マイケル・ロングストリートをジョン・C・ライリーが、ペネロペ・ロングストリートをジョディ・フォスターが、アラン・カウアンをクリストフ・ヴァルツが、ナンシー・カウアンをケイト・ウィンスレットが演じています。
ロングストリート夫妻の職業が金物屋&作家という“リベラル中流層”なのに対し、カウアン夫妻の職業は弁護士&投資ブローカーという“プチセレブ層”。
最初は和やかに相談していたものの、時間が経つうちに4人それぞれの心の中に、人を小バカにしている悪徳弁護士への苛立ちが募ってきたり、インテリ気取りの作家をやり込めたくなったり、自分の妻にムカついたり、自分の夫へのかねてからの不満が爆発してしまったりします。

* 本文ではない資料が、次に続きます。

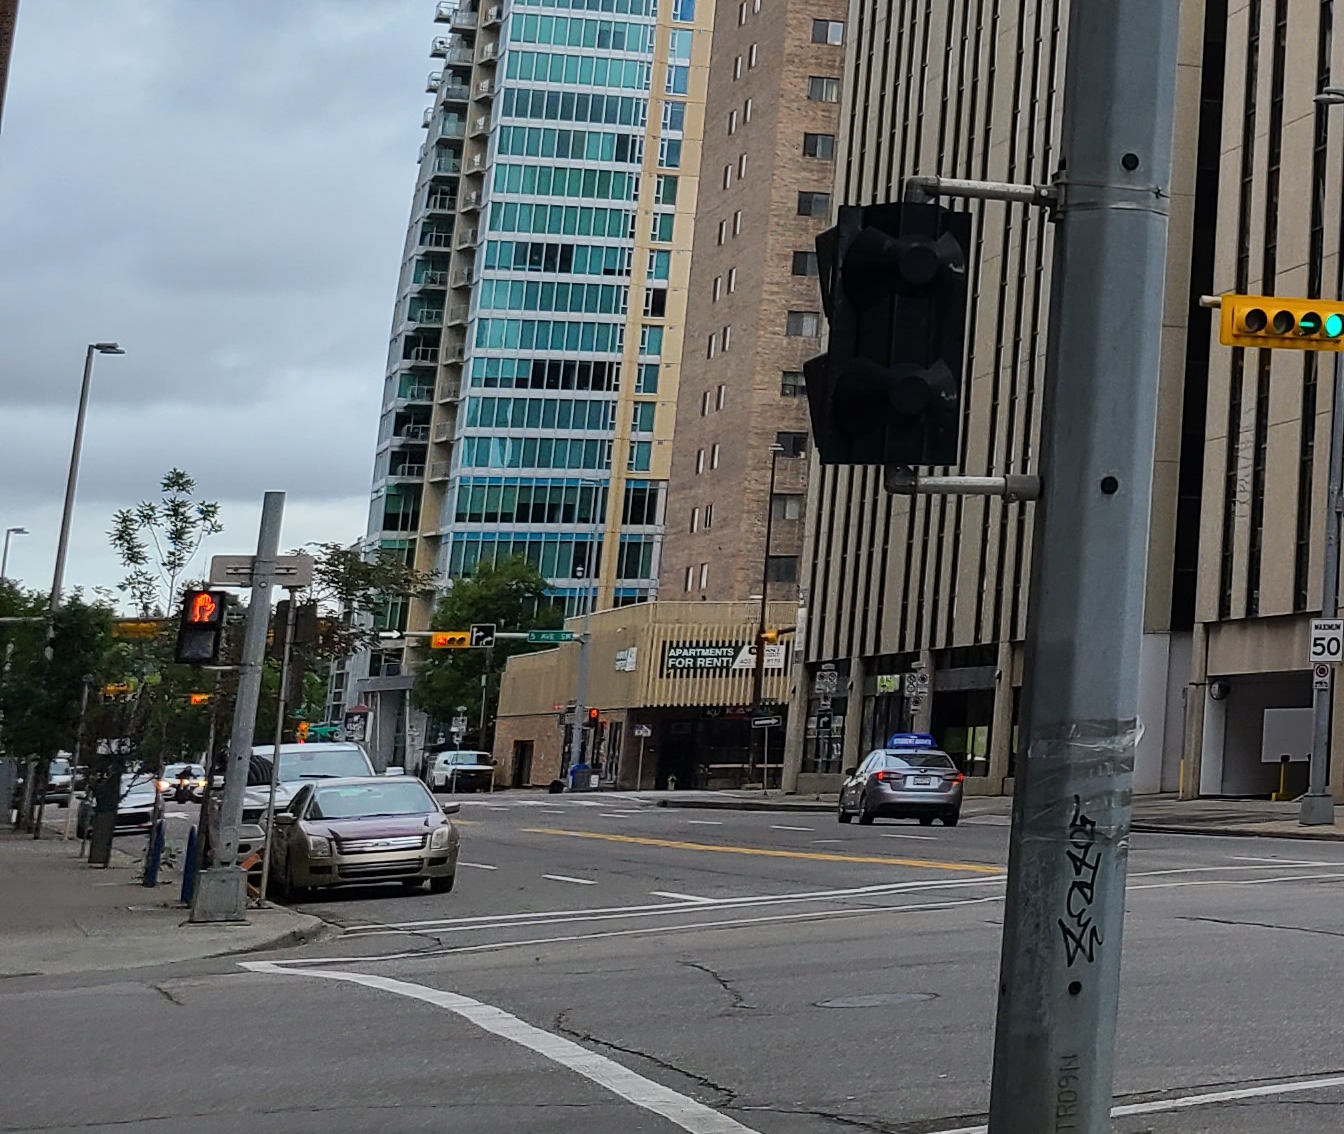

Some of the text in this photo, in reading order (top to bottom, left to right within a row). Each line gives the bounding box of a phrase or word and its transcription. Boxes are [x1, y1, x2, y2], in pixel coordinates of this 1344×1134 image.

[668, 648, 734, 657] APARTMENTS
[1312, 637, 1341, 656] 50
[668, 656, 732, 668] FOR RENT!

彼らの笑顔の仮面が剥がれ落ちて行く様子がなんとも面白く、声をあげて大笑いしてしまいました。
もともとが大ヒットしている舞台劇と言うこともあり、それほど斬新なものはないのですが、4人の名俳優たちが4つどもえで口角泡を飛ばして戦う様子は、それだけで見る価値アリ。
絶妙な間の取り方や、かすかな表情の変化など、演技のお手本としても見ることができるのではないでしょうか。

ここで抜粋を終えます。